### WHAT THE TASK ASKS
Below is a set of records, and all of them should be retyped exactly, minus the pictures.

Dataset entries:
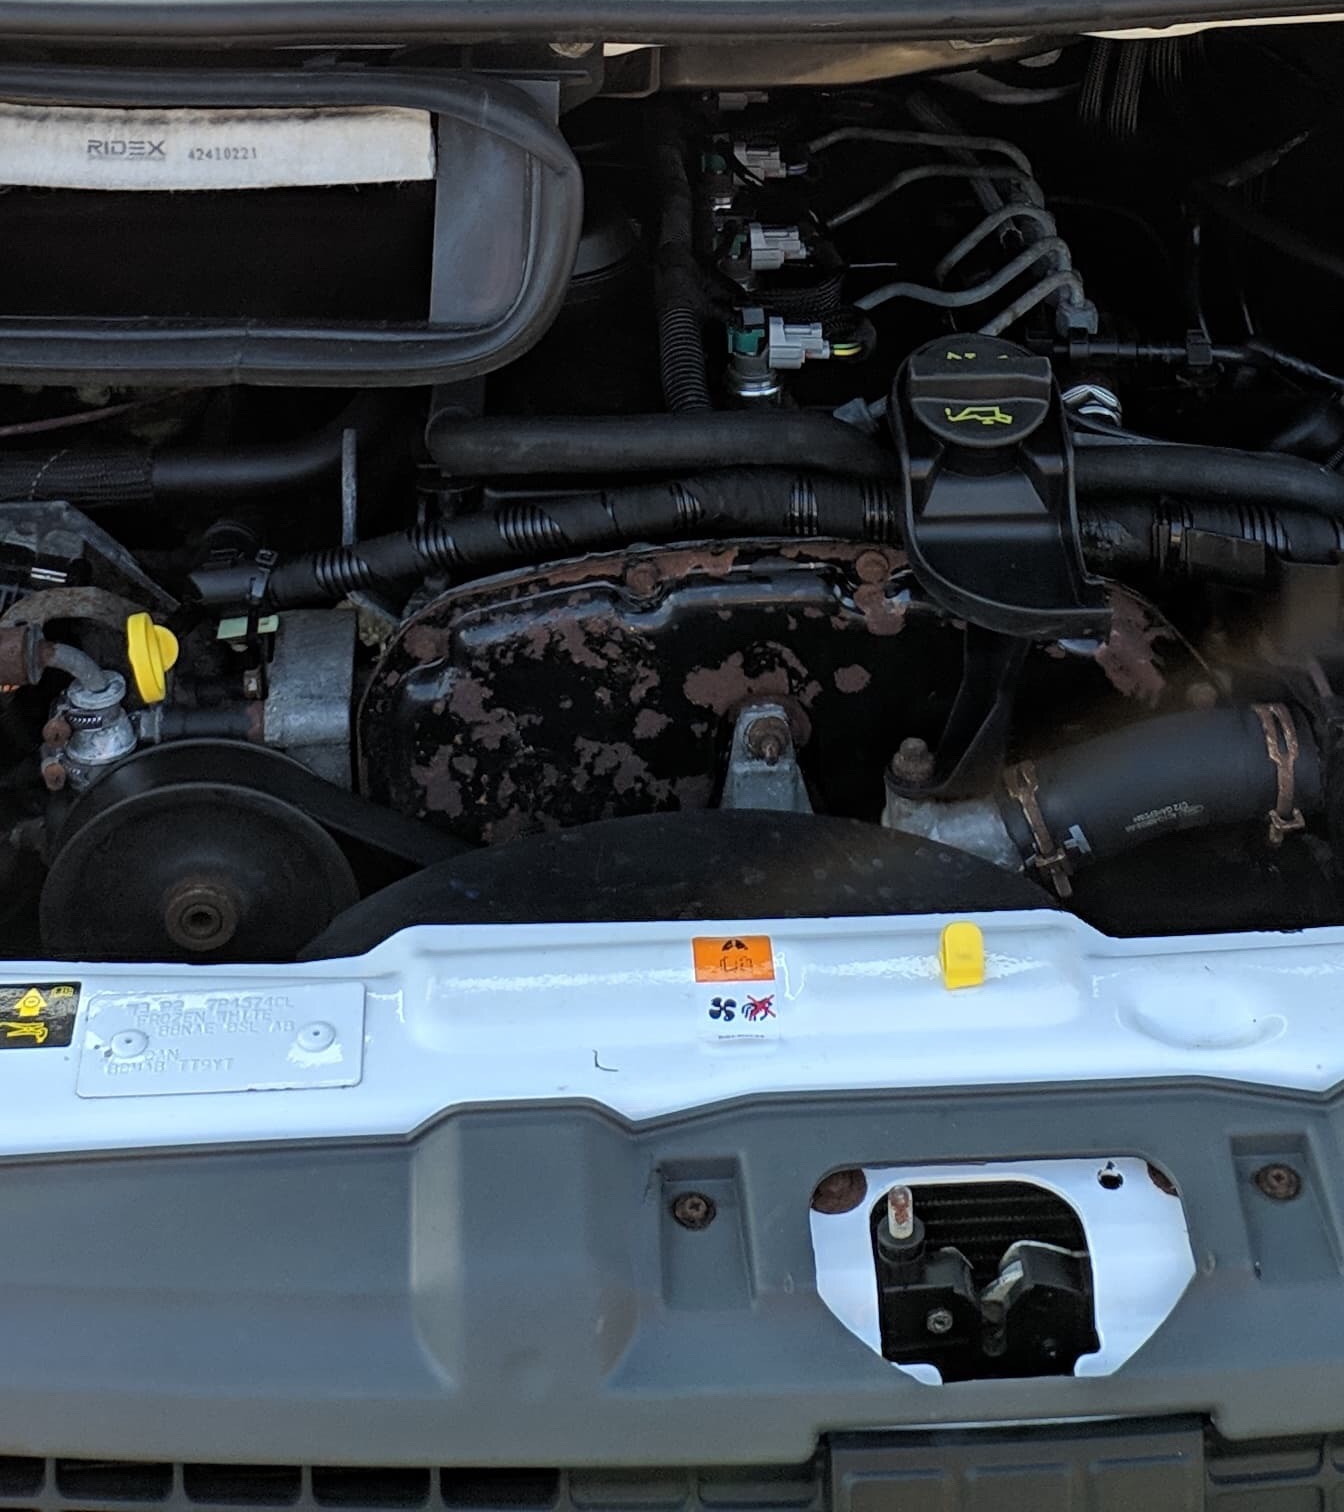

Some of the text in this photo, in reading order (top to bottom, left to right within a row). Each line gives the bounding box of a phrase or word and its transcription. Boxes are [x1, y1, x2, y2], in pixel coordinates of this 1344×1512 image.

[87, 139, 257, 160] RIDEX 42410221
[137, 1010, 206, 1029] FROZEN
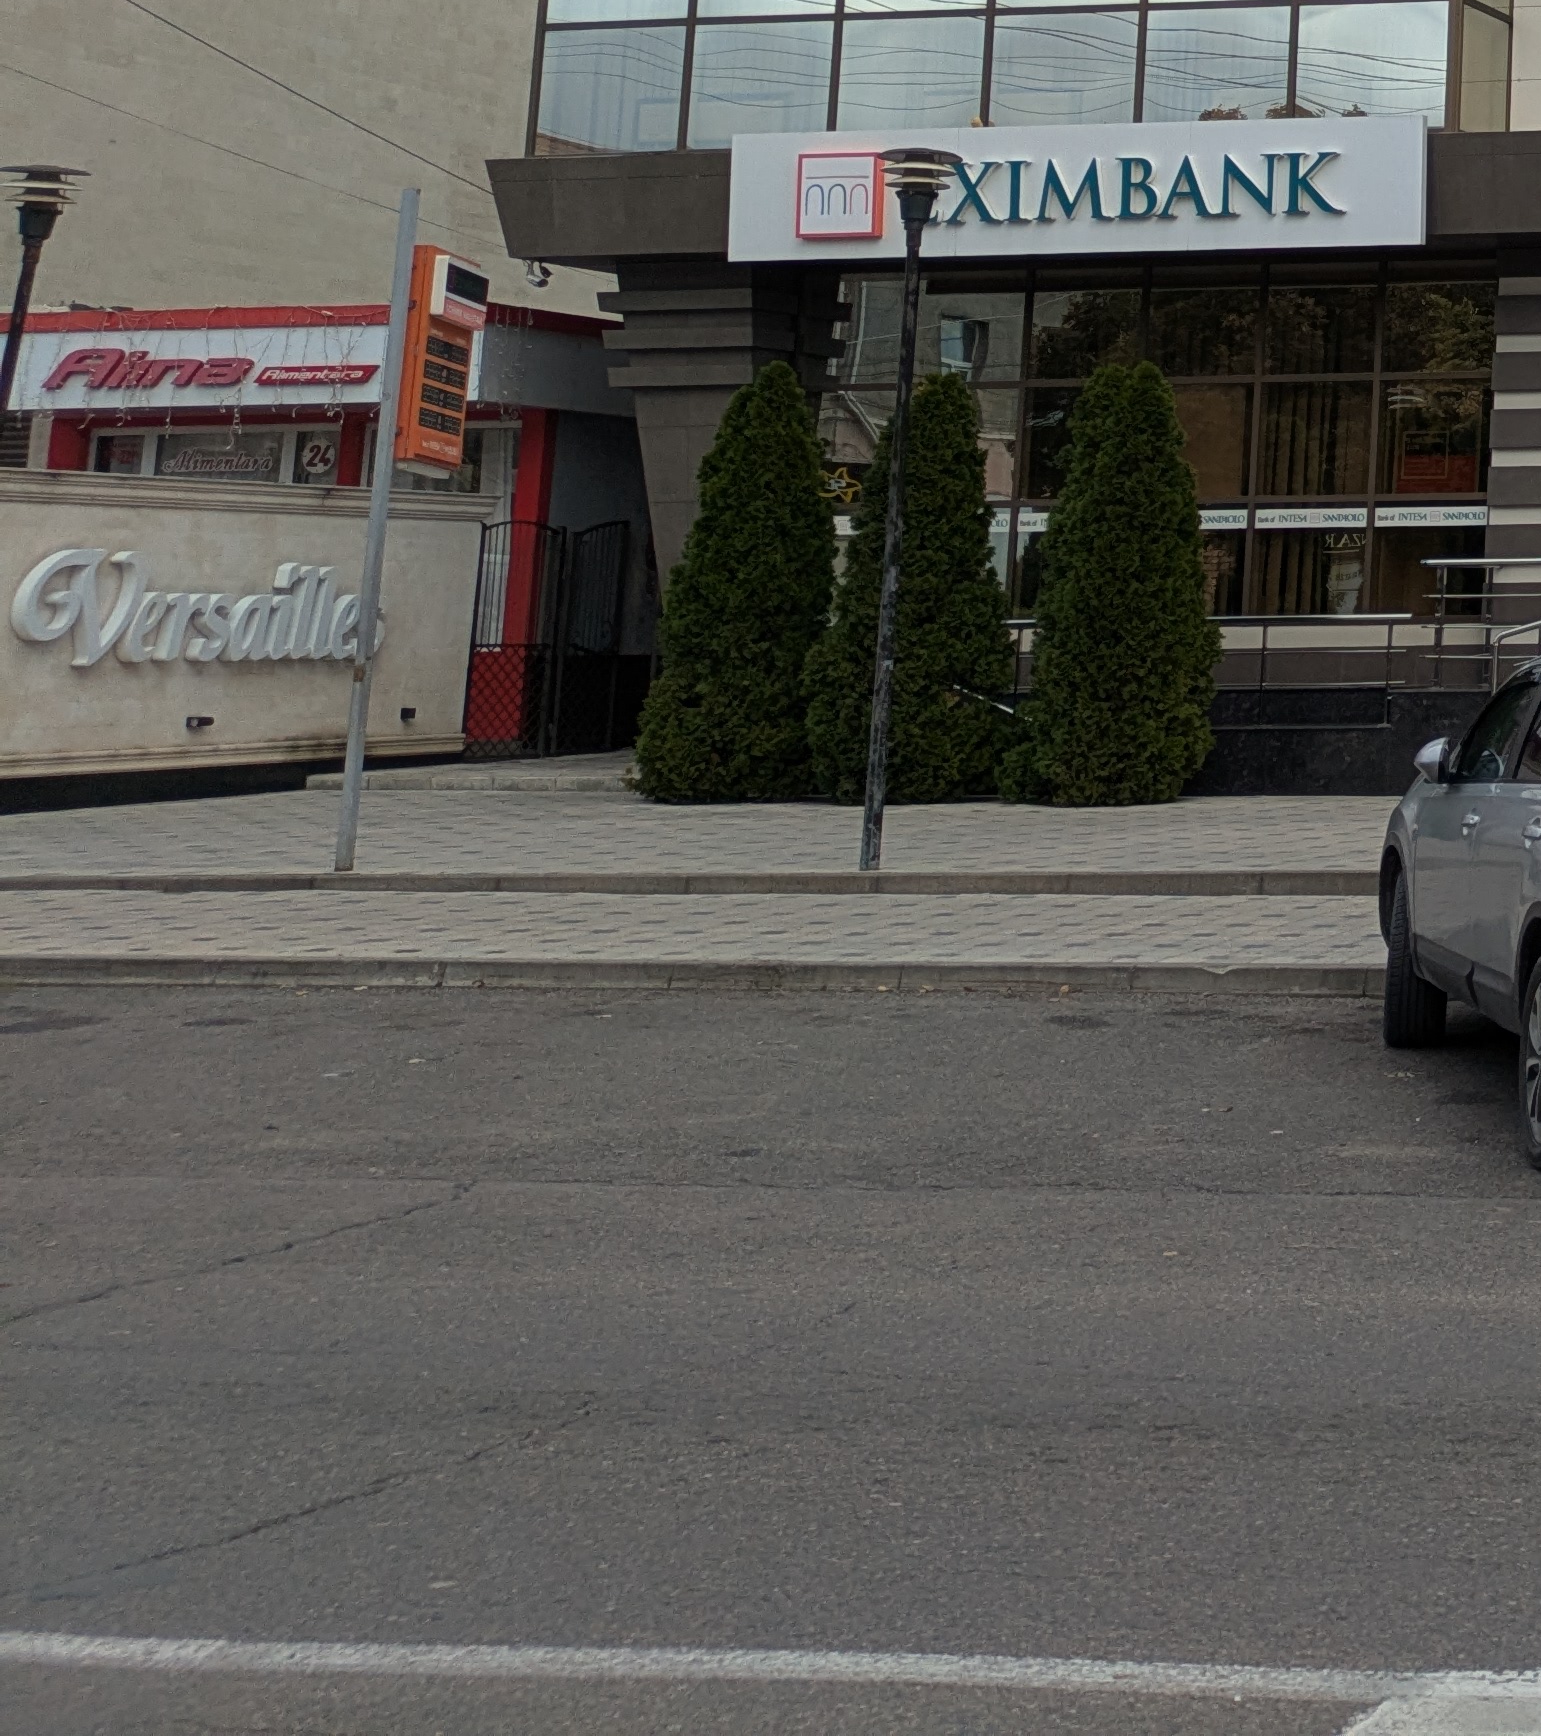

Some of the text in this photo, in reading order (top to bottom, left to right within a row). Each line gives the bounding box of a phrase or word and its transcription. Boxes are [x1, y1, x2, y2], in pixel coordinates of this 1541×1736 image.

[903, 151, 1348, 226] XIMBANK
[305, 444, 332, 467] 24
[1278, 514, 1307, 523] INTESA
[1398, 512, 1428, 522] INTESA
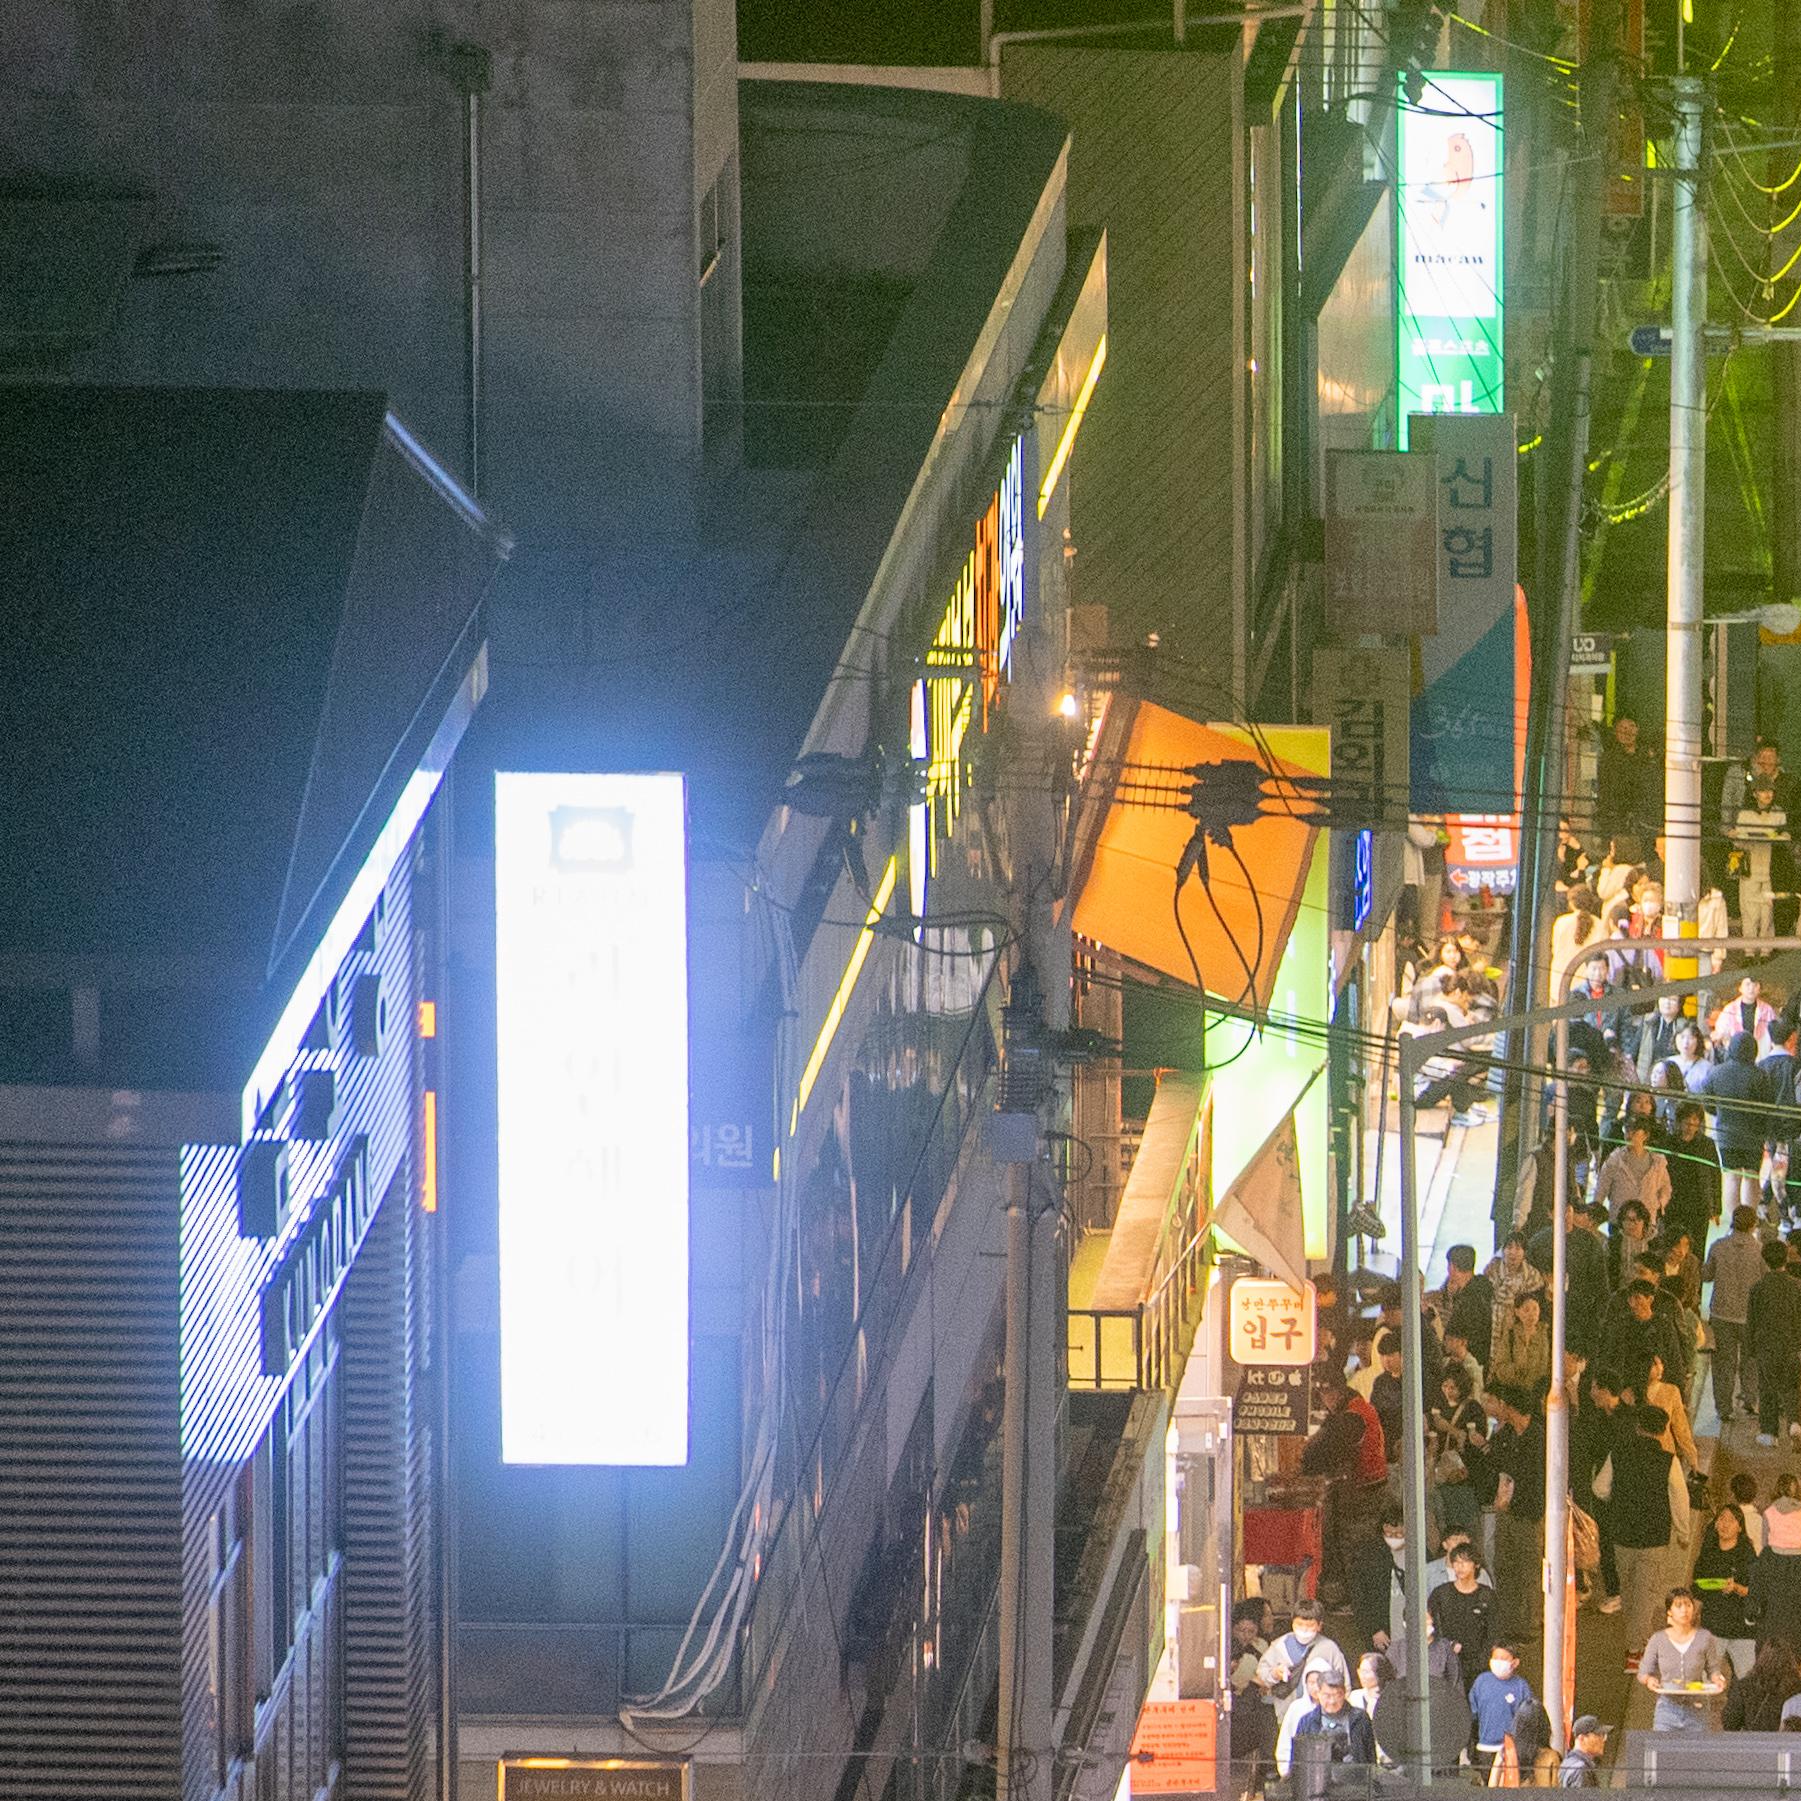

### TASK RESULT
Some of the text in this photo, in reading order (top to bottom, left to right within a row). Each line gives the bounding box of a phrase or word and its transcription. Boxes are [x1, y1, x2, y2], in pixel coordinates of this 1344×1512 image.

[87, 139, 257, 160] RIDEX 42410221
[137, 1010, 206, 1029] FROZEN

Some of the text in this photo, in reading order (top to bottom, left to right within a row). Each line gives the bounding box of a phrase or word and its transcription. Boxes are [x1, y1, x2, y2], in pixel coordinates of this 1541×1736 image.

[903, 151, 1348, 226] XIMBANK
[305, 444, 332, 467] 24
[1278, 514, 1307, 523] INTESA
[1398, 512, 1428, 522] INTESA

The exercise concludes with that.